Magistrado ponente: José Leonidas Bustos Martínez

Ley 600 de 2000

CORTE SUPREMA DE JUSTICIA República de Colombia Corte Suprema de Justicia Casación Número 44584. Blanca Jazmín Becerra S. CORTE SUPREMA DE JUSTICIA SALA DE CASACIÓN PENAL JOSÉ LEONIDAS BUSTOS MARTÍNEZ Magistrado Ponente AP7299-2014 Radicación N°44584 (Aprobado Acta No.407) Bogotá D.C., veintiséis (26) de noviembre de dos mil catorce (2014).

Se pronuncia la Sala sobre la admisión de la demanda de casación presentada por el defensor de BLANCA JAZMÍN BECERRA SEGURA contra la sentencia dictada por el Tribunal Superior de Bogotá el 7 de abril de 2014, mediante la cual confirmó con modificaciones la proferida por el Juzgado 55 Penal del Circuito de la misma ciudad el 5 de diciembre de 2013, que condenó a la procesada por el delito de falsedad material en documento público.

Hechos El primero de octubre de 2002, la señora BLANCA JAZMÍN BECERRA SEGURA fue vinculada a la empresa IMOCOM S. A. a través de un contrato individual a término indefinido, en el cargo de Jefe del Departamento de Contabilidad, para cuyo efecto aportó documentos que la acreditaban como contadora pública.

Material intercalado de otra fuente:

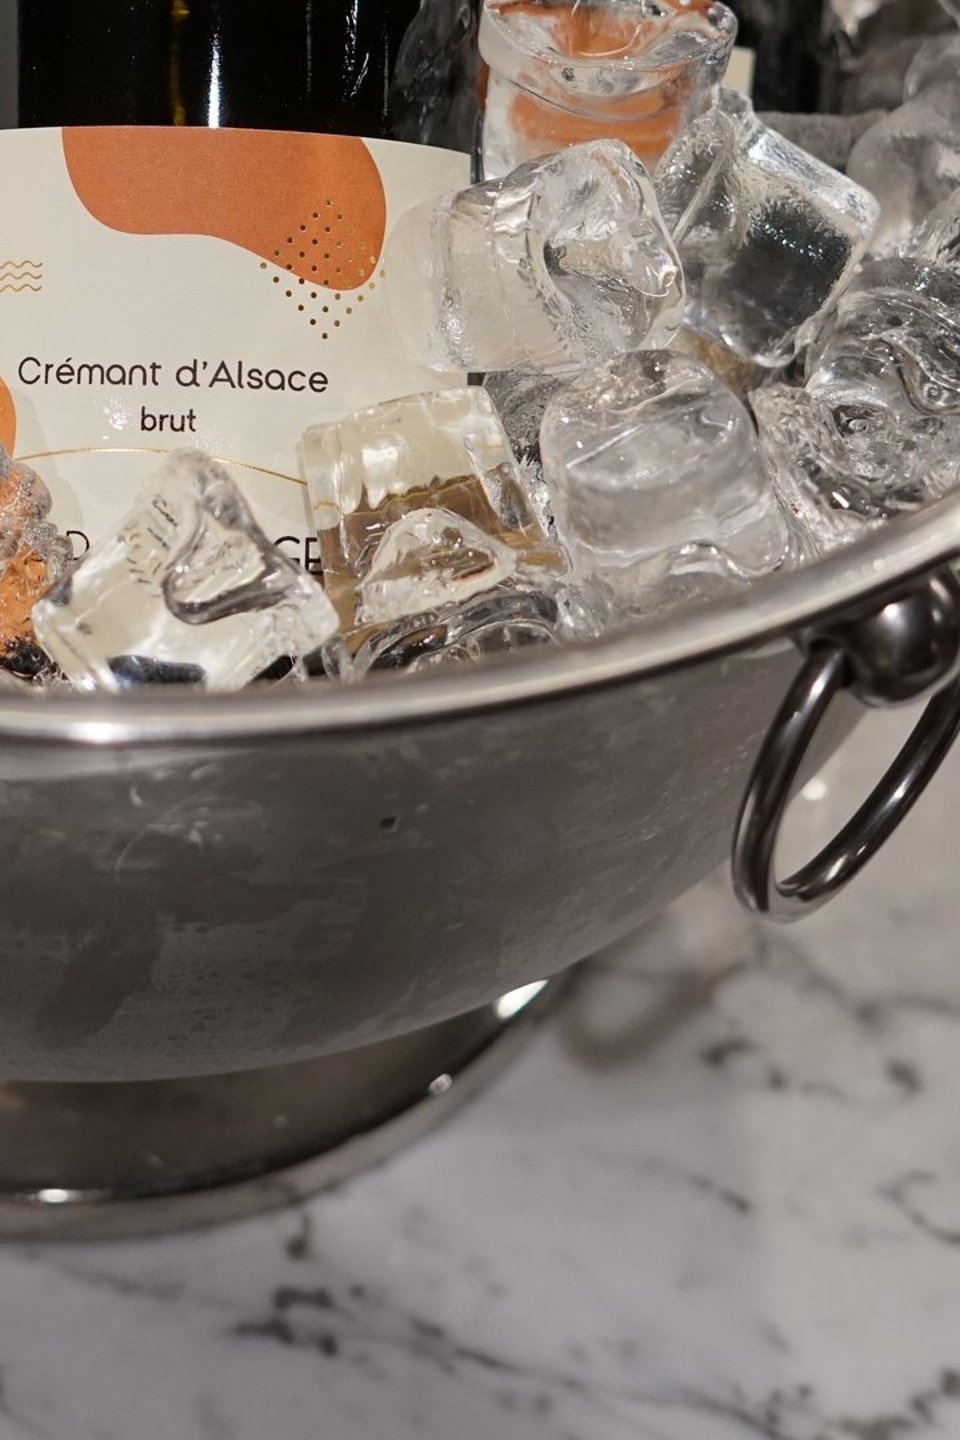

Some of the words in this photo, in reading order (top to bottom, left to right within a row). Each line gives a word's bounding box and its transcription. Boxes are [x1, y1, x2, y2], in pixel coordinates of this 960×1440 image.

En el mes de agosto de 2003, a raíz de la devolución del certificado de antecedentes de la contadora en el trámite de un proceso de licitación, por ilegible, la empresa solicitó directamente a la Junta Central de Contadoras una nueva certificación, obteniendo por respuesta que en la entidad no aparecía registro alguno a nombre de BLANCA JAZMÍN BECERRA SEGURA, y que el certificado de antecedentes por cuyo número se indagaba, al igual que la tarjeta profesional No.64647T, habían sido expedidos a nombre de otras personas.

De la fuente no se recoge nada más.